Print, exactly and with no pictures, the line containing "Some of the text" and each line after it to the end of the entries below.

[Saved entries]
^^^^

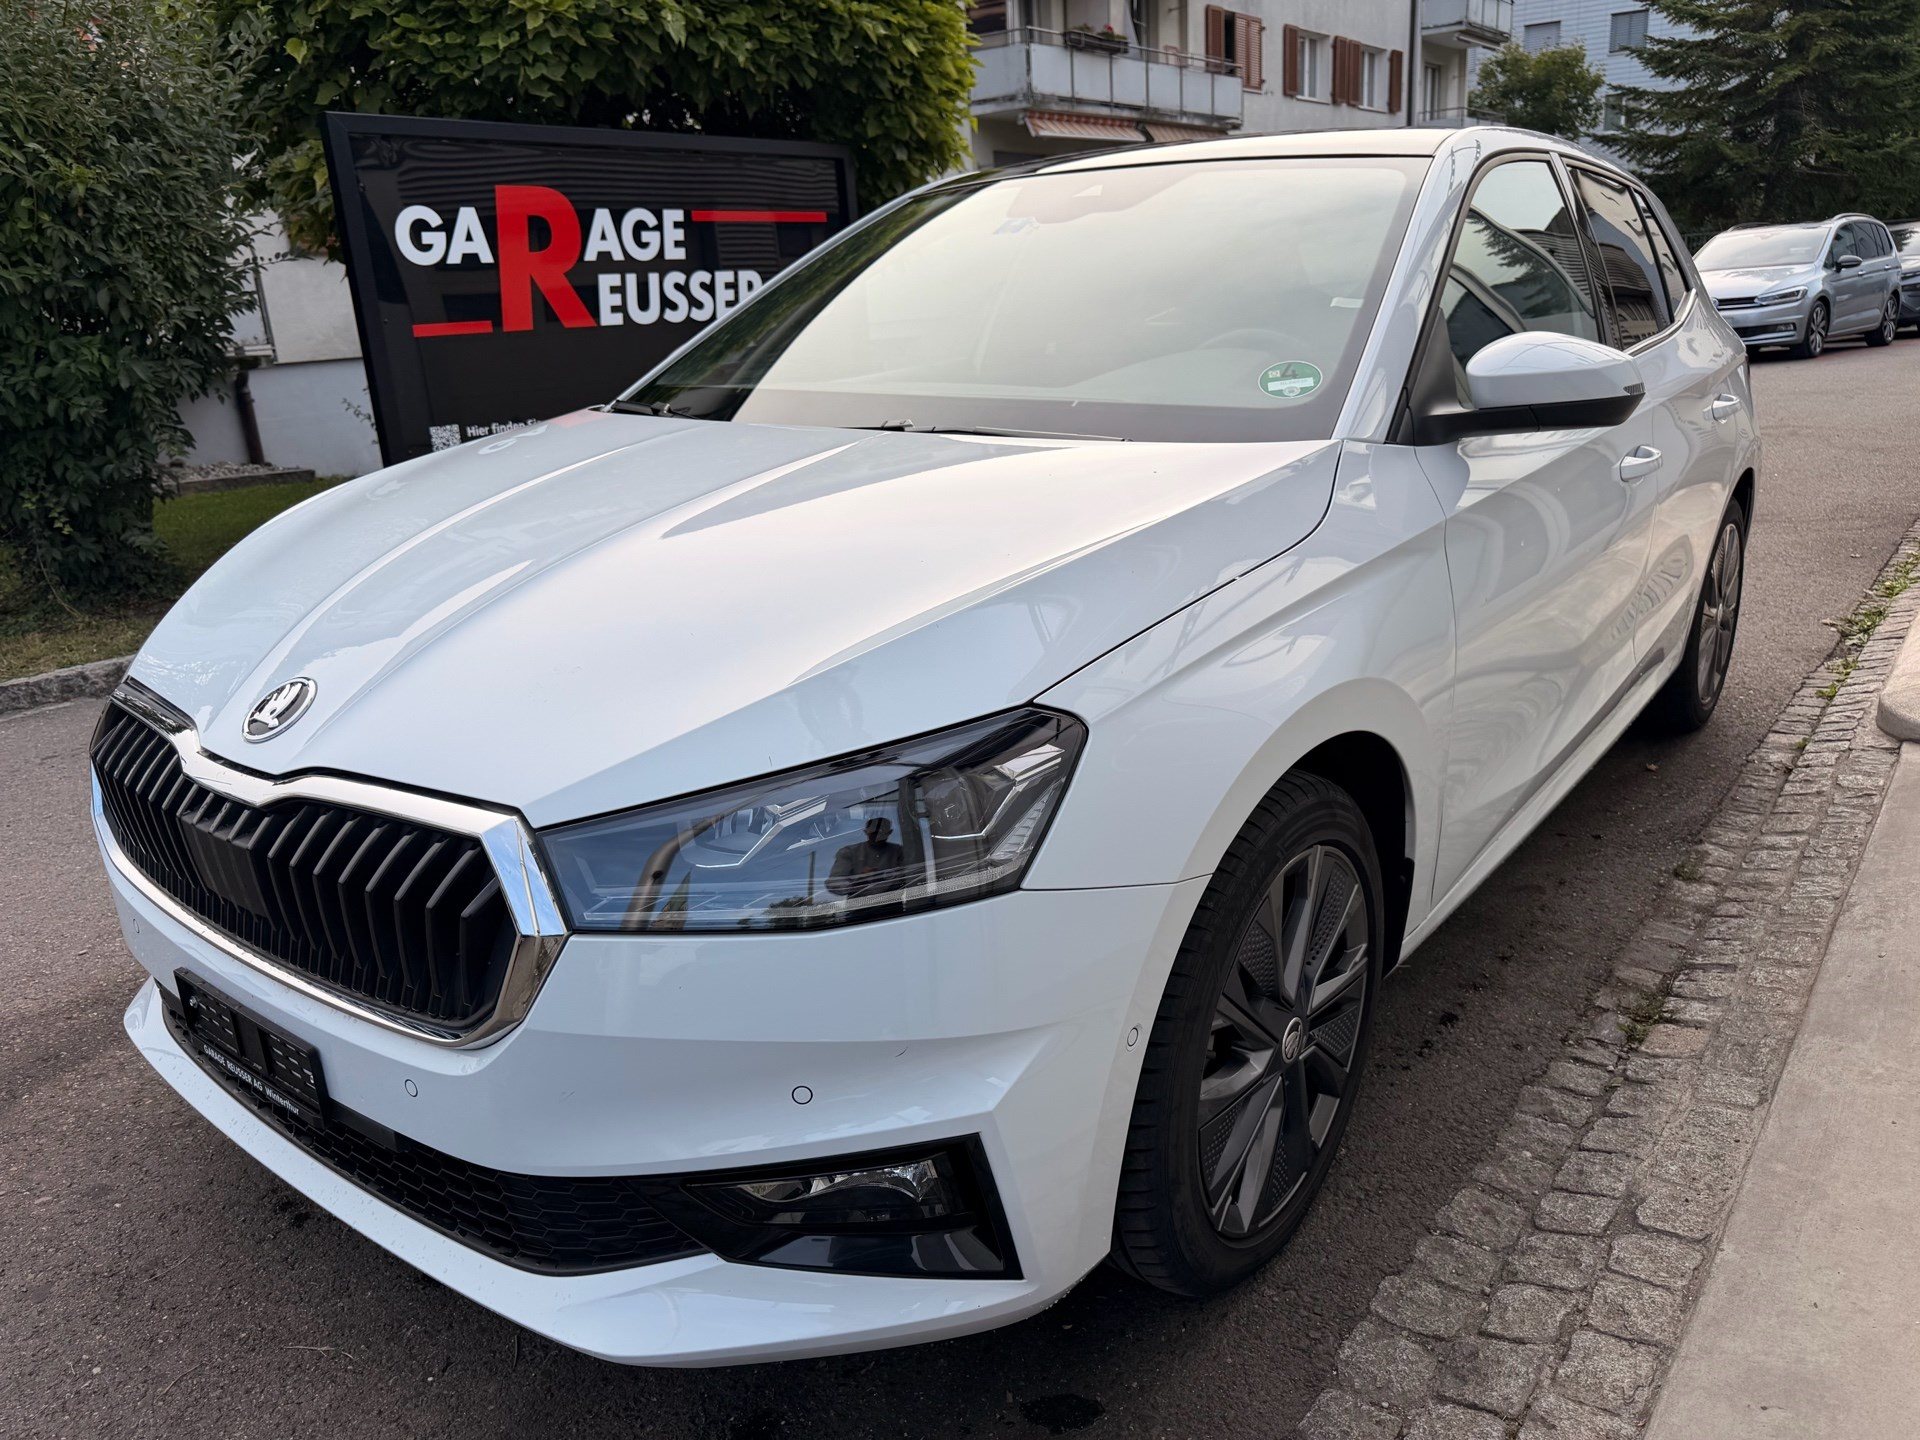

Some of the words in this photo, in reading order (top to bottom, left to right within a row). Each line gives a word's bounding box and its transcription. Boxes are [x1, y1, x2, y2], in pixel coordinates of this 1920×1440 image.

[395, 185, 686, 332] GARAGE
[467, 425, 490, 437] Hier
[204, 1044, 226, 1066] GARAGE
[226, 1060, 252, 1085] REUSSER
[253, 1078, 263, 1091] AG
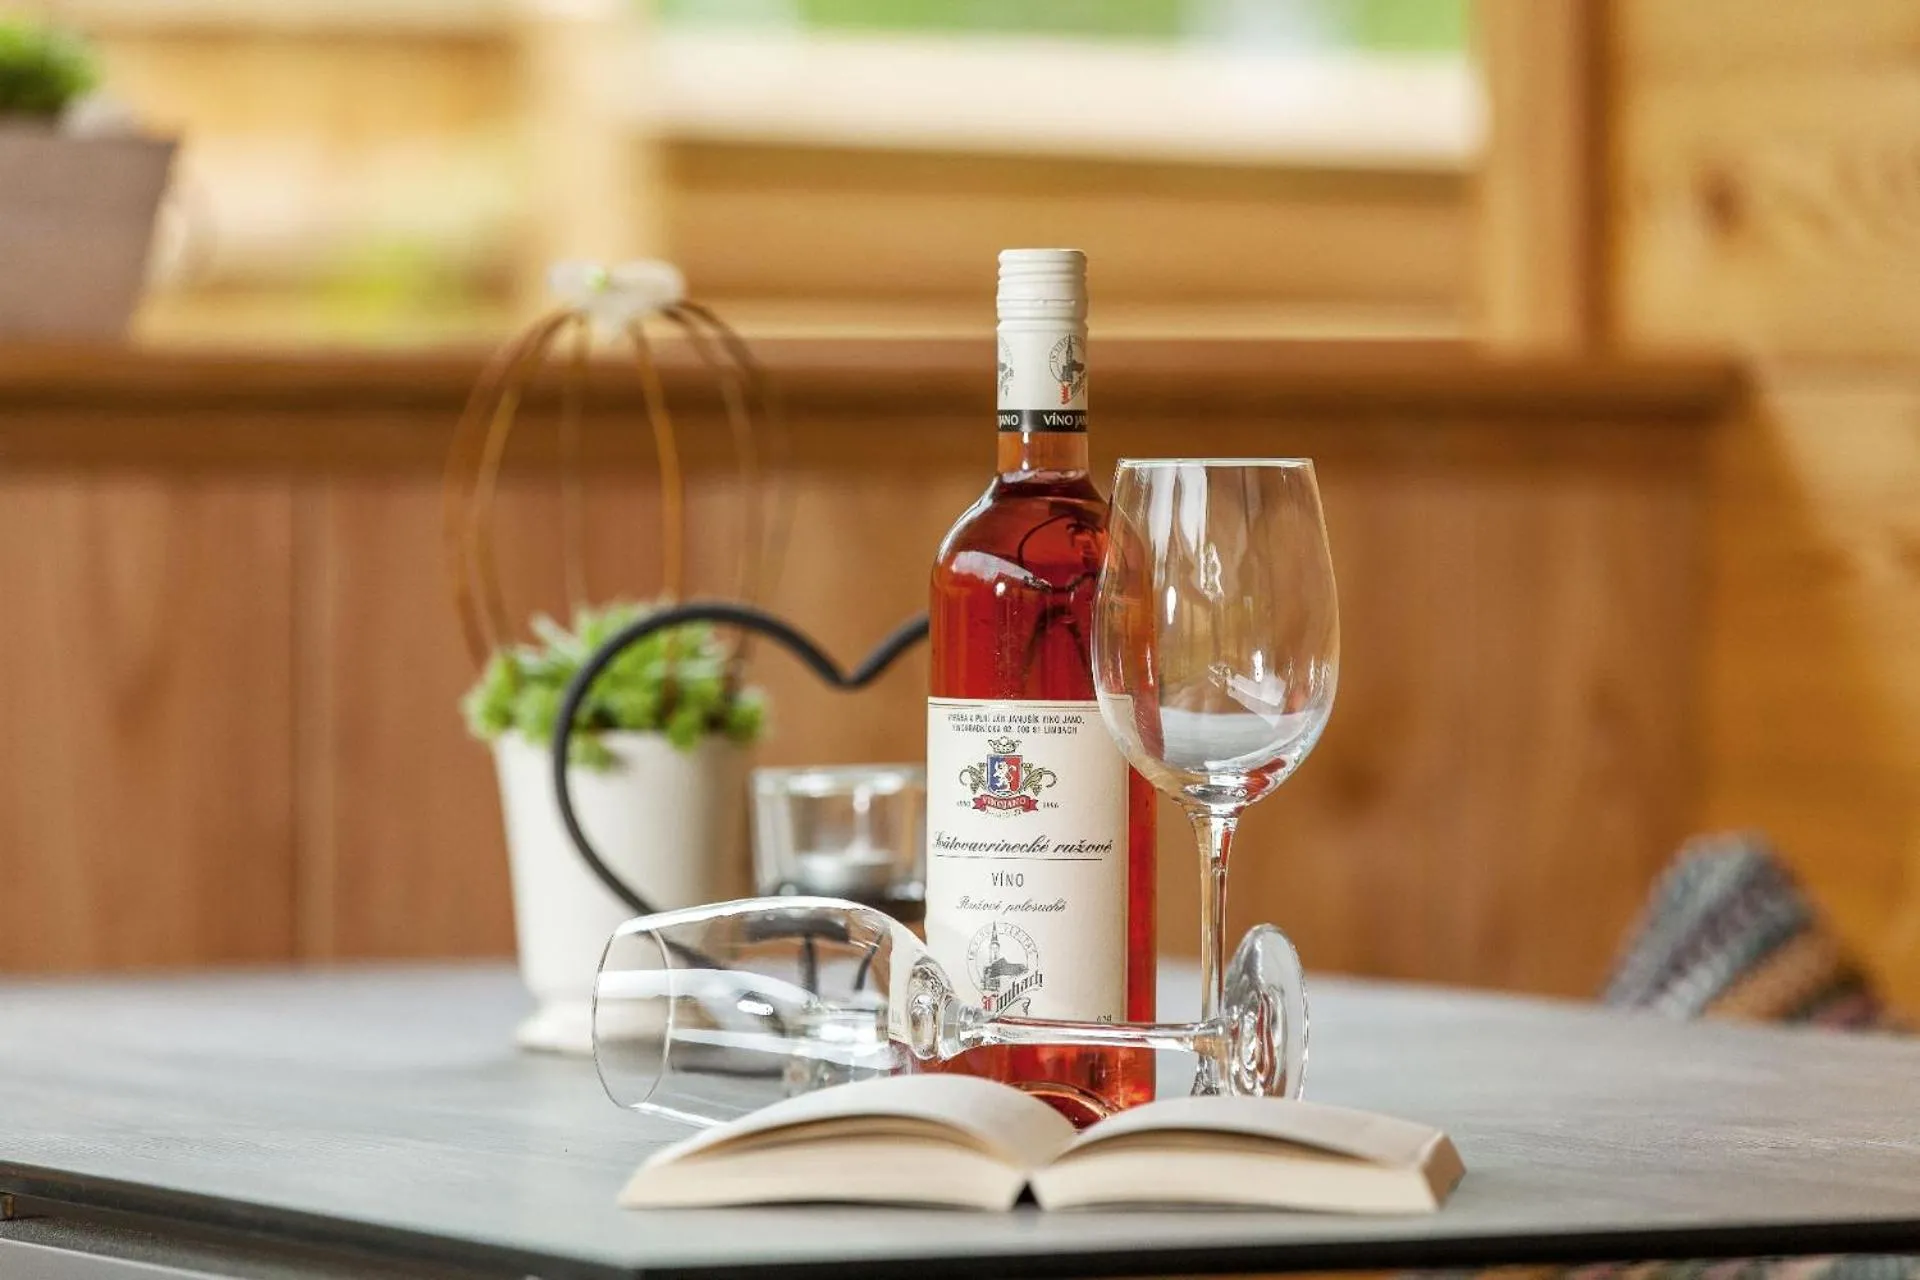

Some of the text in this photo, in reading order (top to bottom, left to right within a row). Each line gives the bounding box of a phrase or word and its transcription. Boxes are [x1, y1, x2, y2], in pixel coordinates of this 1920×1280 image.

[1043, 411, 1074, 426] VÍNO
[1051, 839, 1114, 855] ružové
[990, 870, 1025, 888] VÍNO
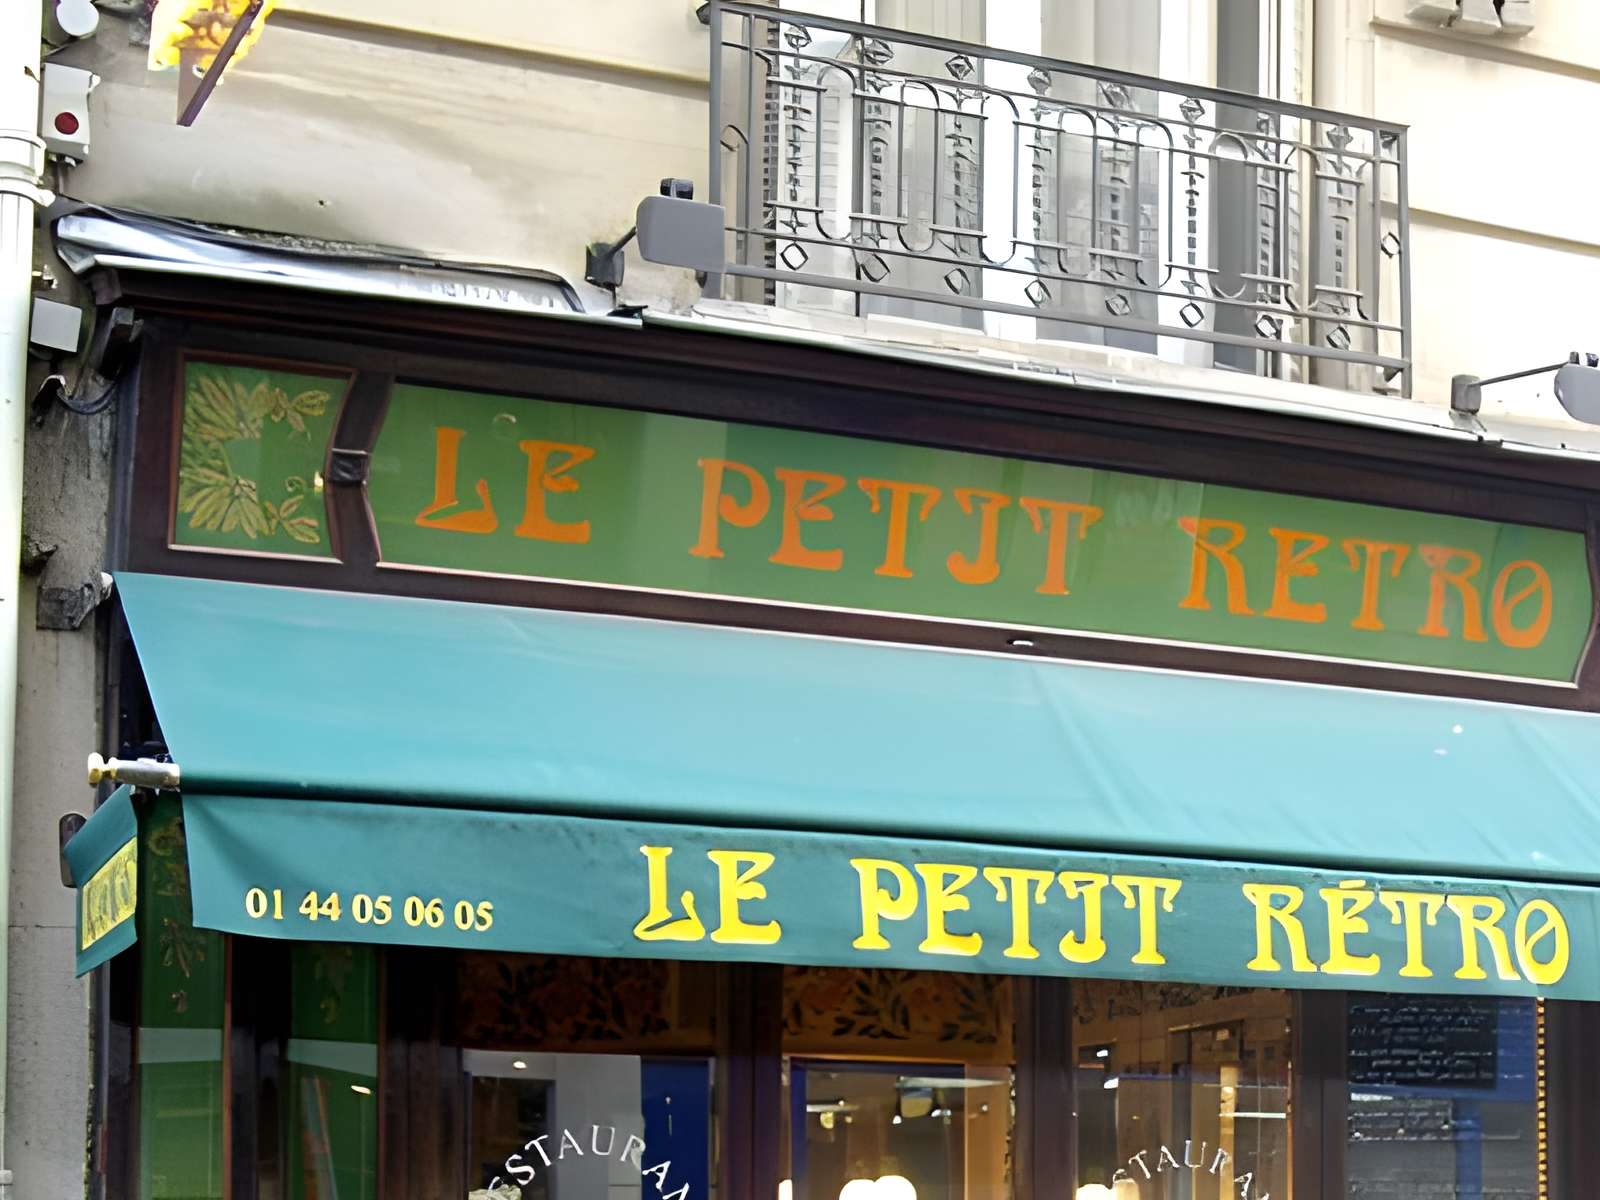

^^^^

> **Finished task**
Some of the text in this photo, in reading order (top to bottom, left to right within a row). Each line gives the bounding box of a phrase or word and its transcription. Boxes are [x1, y1, x2, y2], in pixel coordinates of this 1920×1280 image.

[1043, 411, 1074, 426] VÍNO
[1051, 839, 1114, 855] ružové
[990, 870, 1025, 888] VÍNO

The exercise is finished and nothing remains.